30.11.2035 О.Р.Х; 30.11.5796 О.Н.С.М; №0803 0184
Майан Гитис;
Еврейка;
15.02.1990 / 15.03.2030;
Мещанка;
Замужем / 0;
Руководитель мастерской, ателье «Золотая Нить»;
Иудаизм;
–
Прошу выдать разрешение на временное использование прилегающей к мастерской части тротуара для организации праздничной ярмарки-распродажи изделий ручной работы в период с 20.12.2035 по 22.12.2035. В рамках мероприятия планируется установить 2 торговых стола и мобильно-купольную тент-навеску площадью не более 6 м². Все конструктивные элементы будут отвечать требованиям безопасности и не создавать препятствий для пешеходного движения. Ответственность за уборку территории и соблюдение санитарных норм беру на себя.
Все необходимые документы прилагаются.
С уважением! Подпись.
После прочтения заявки я вдруг поймал себя на том, что мысли мои уже давно блуждают где-то вне этого тесного офиса. Здесь не было ни уюта, ни откровенной тягости – пустая, безликая середина. Порой наступают странные минуты: в голове будто тишина, но именно тогда сосредоточиться особенно трудно. Чувствуешь себя человеком, запертым в комнате без окон и часов, которому остаётся лишь ждать.
И всё-таки мне необходимо было понять, что скрывает это крошечное стальное устройство, мирно лежавшее в кармане. Обычно я не привык пускать дела на самотёк, но на сей раз решил довериться случаю. Проведя в кабинете ещё каких-то десять минут, я торопливо покинул его и поднялся двумя этажами выше – туда, где находилось министерство порядка.

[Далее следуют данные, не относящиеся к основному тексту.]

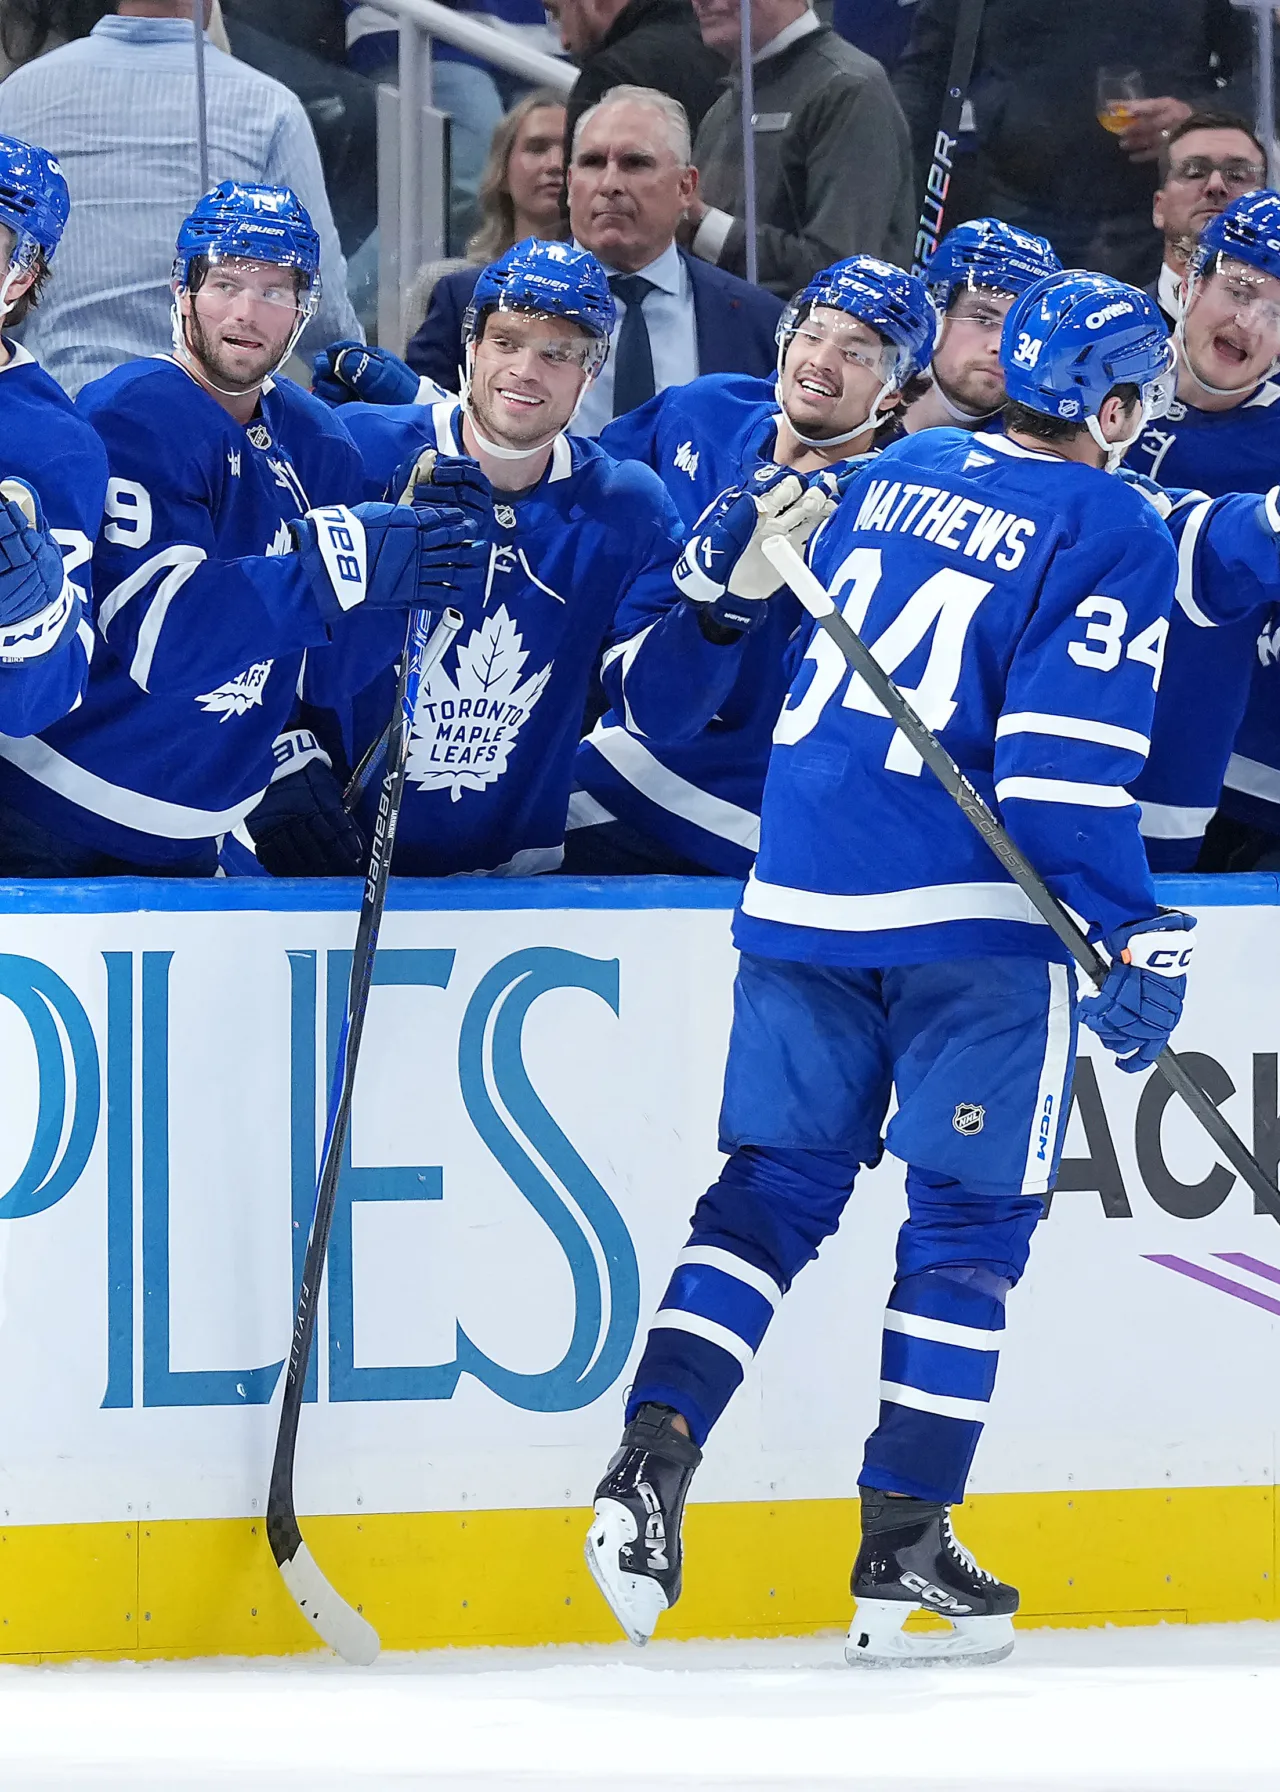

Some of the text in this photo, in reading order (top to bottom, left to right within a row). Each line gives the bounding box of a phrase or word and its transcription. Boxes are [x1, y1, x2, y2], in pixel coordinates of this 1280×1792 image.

Перед этим я наспех написал краткое заявление и подтвердил его у коллеги по соседству – Пана Станислава Гура. Согласно директиве №20.3, любое обращение гражданина, работающего в госструктурах, должно быть завизировано ещё одним сотрудником – в целях исключения подлога и самовольных действий. Это не считалось посредничеством, а скорее формальной проверкой. Гур всё быстро оформил и даже не стал донимать меня пустыми разговорами на повседневные темы.
Между тем, для обычных граждан Министерство порядка было одним из трёх учреждений, куда разрешалось обращаться напрямую, минуя работников госканцелярии. И неудивительно: бывали дела, с которыми нельзя медлить. Получив талон, я отстоял очередь и вскоре вошёл в кабинет.
Там сидел старик – лет семидесяти пяти, а то и восьмидесяти. Его облик не оставлял места эстетике: глубоко посаженные глаза скрывались за тяжёлыми веками, дряблая кожа покрыта морщинами и пятнами, а всё это венчал огромный, почти клювовидный нос. Седые волосы были так же редки, как премии в канцелярии. На нём висел объёмный костюм, примечательный разве что галстуком странного оттенка – смесью серого, оранжевого и бордового. Одним своим видом этот человек словно опровергал красоту человеческого образа, воспетого Микеланджело и Боттичелли.
Когда-то даже предлагали закон: всех, кому исполнилось шестьдесят, обязать являться на эвтаназию. Его не приняли, но, глядя на служащего, я впервые подумал: если технологии не научат нас сохранять молодость, я сам уйду из жизни при первых признаках дряхлости. Это будет честнее – и по отношению к себе, и к обществу.
Старик хриплым, но уверенным голосом пригласил меня присесть. В углу стола я заметил белую маску: люди преклонного возраста обязаны носить их в общественных местах, чтобы не смущать остальных видом и напоминанием о быстротечности времени. Некоторые скрывают и руки, надевая белые перчатки. Видно было, что старик устал, поэтому снял маску. Неприятно, но простительно.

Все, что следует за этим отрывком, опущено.